How many of you know how the Affordable Care Act (Obamacare) was passed? (Please raise hands)
I’ve had many conversations with people that have no idea…but I can’t really blame them because it was swept under the rug quickly. Even now it is hard to track down on how it really happened. I decided to write this now not to have a silly argument between Dems vs Repubs (because I know there is always shady business on both sides. Plus, two party system doesn't work) but just for education to all.
How it happened:
It was first introduced on Sept. 17, 2009, as a House resolution (H.R. 3590) by Democratic Rep. Charlie Rangel of New York and was called the "Service Members Home Ownership Tax Act of 2009."* The House passed that measure unanimously (419-0) on Oct. 08, 2009 and sent it to the Senate.

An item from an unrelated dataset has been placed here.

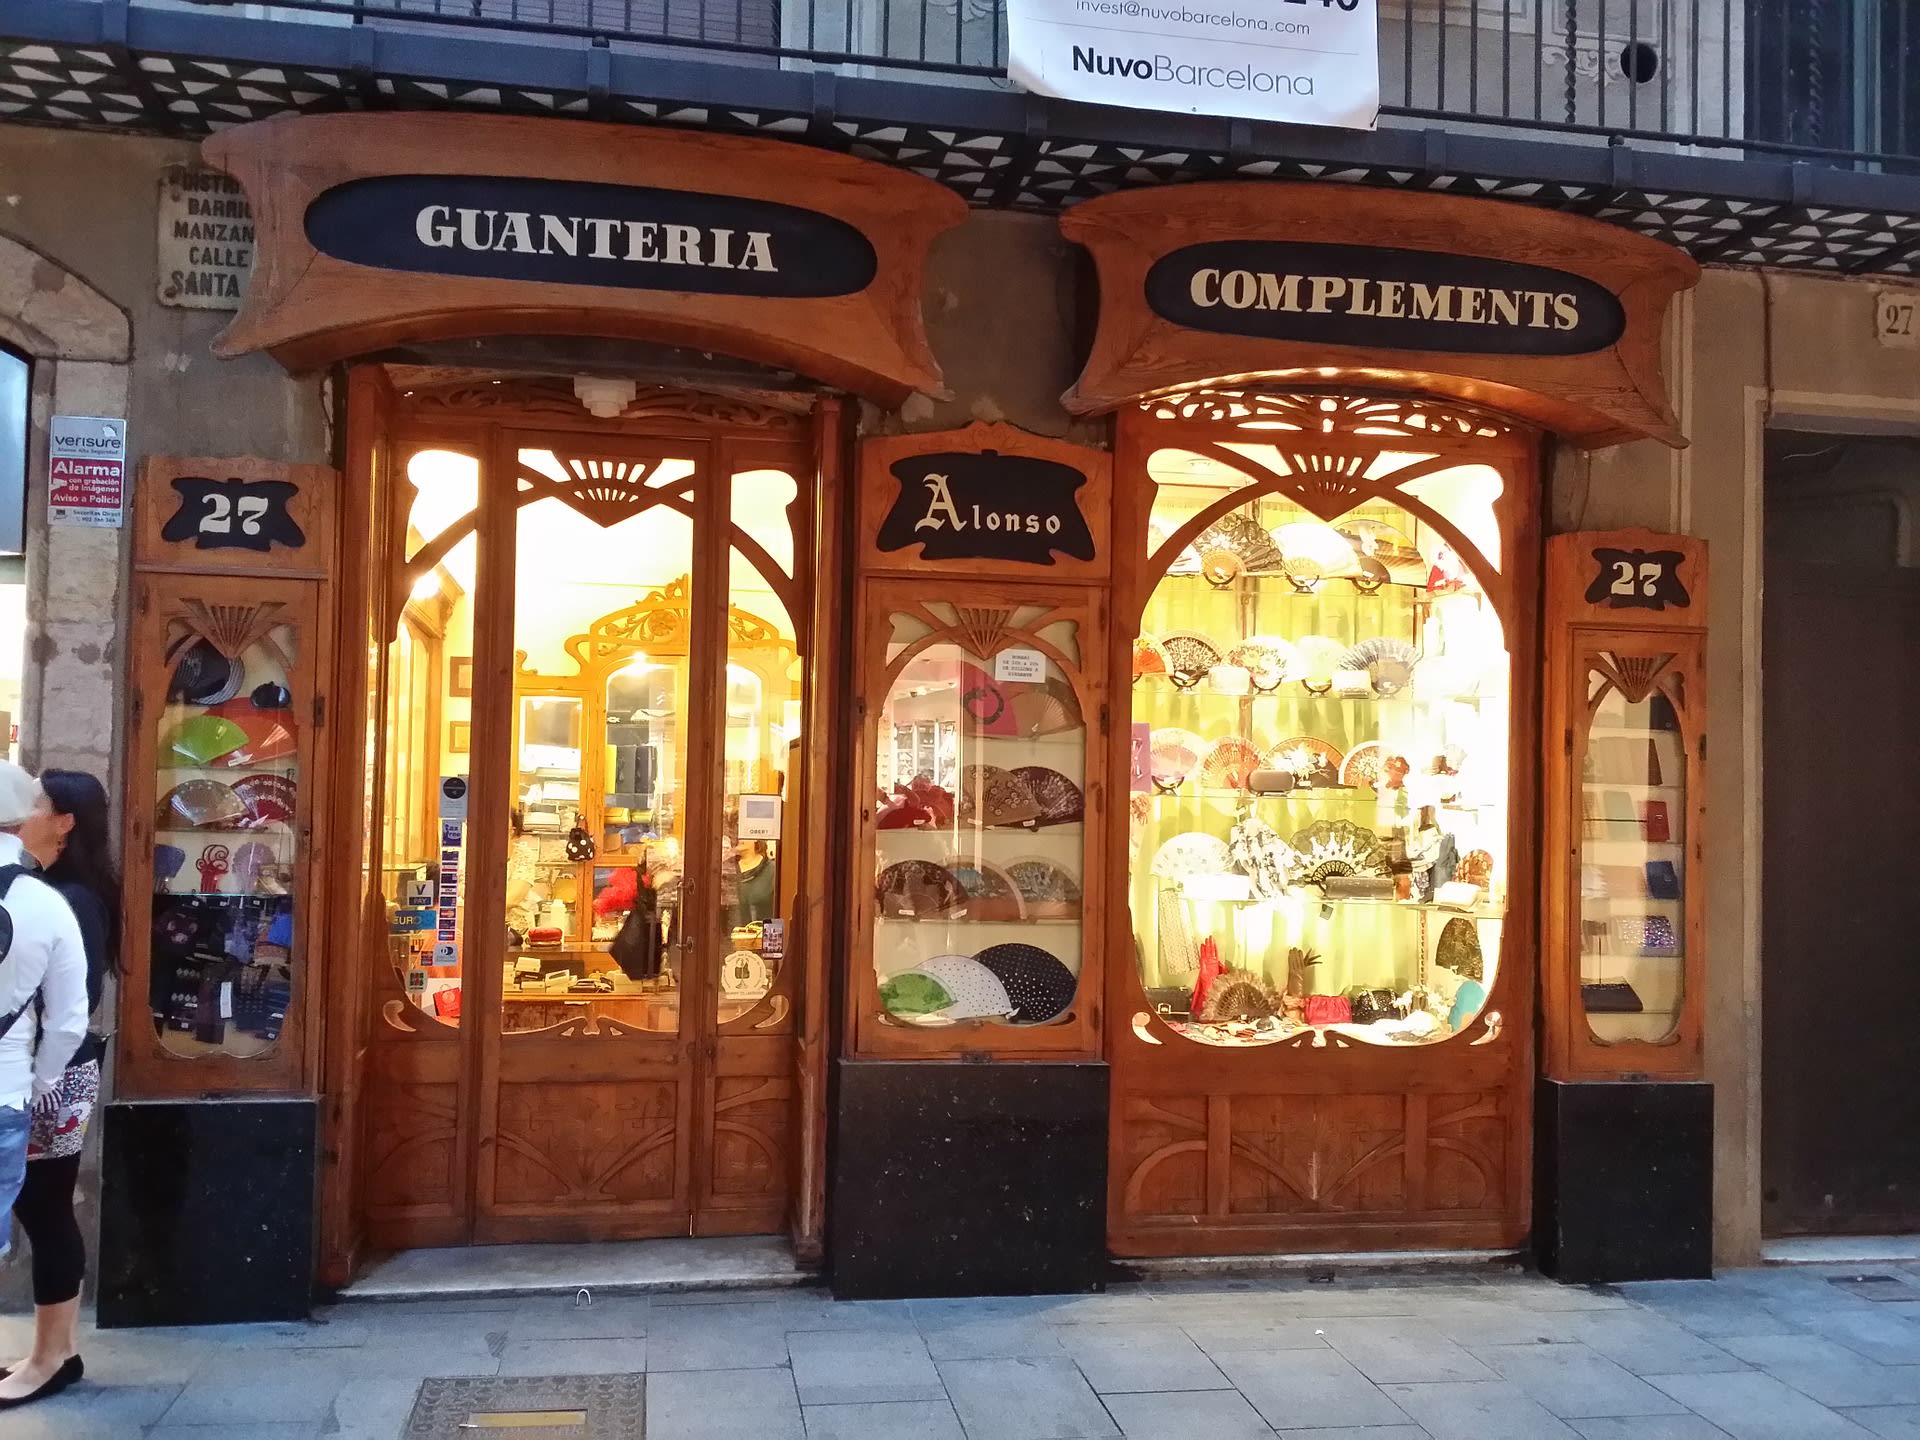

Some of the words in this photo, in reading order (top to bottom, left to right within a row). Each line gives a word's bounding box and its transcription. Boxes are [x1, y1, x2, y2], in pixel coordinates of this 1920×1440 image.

(H.R. 3590) Service Members Home Ownership Tax Act of 2009 became the vehicle for the Senate to proceed with a comprehensive healthcare overhaul. Once in the Senate, the bill was "gutted entirely" except for the number (H.R. 3590) and retitled to "Patient Protection and Affordable Care Act," which passed on Dec. 24, 2009 around midnight. It passed the Senate (60-40, no Repubs voted for it), since they had 60 votes it couldn’t be filibustered.
The thing that gets to me most; how is it legal for them to throw out all of the meat/potatoes in the first resolution then completely rewrite the law? It has to be a violation of the spirit of the Origination Clause! The spirit of the original resolution was to help out the Service Members, they didn't even leave that part in the Bill. But I never heard anyone debating/talking about it before. I just kept hearing about the Tax vs Revenue issue.
The President signed it into law on May 23, 2010.
* (H.R. 3590) Titled: Service Members Home Ownership Tax Act. This Act was introduced to the House. It was to give relief to Service Members from having to pay back $8K if they got deployed and had to sell their house before the 3 years expired. (Remember: The first-time homebuyer tax credit was implemented. This tax credit gave qualified first-time homebuyers with a maximum $8,000 tax credit. To ensure that the credit benefitted ordinary Americans and not speculators, we required that borrowers who took advantage of the credit repay it if they sold their home within three years of the purchase date. It was part of H.R. 1 Titled: American Recovery and Reinvestment Act of 2009.)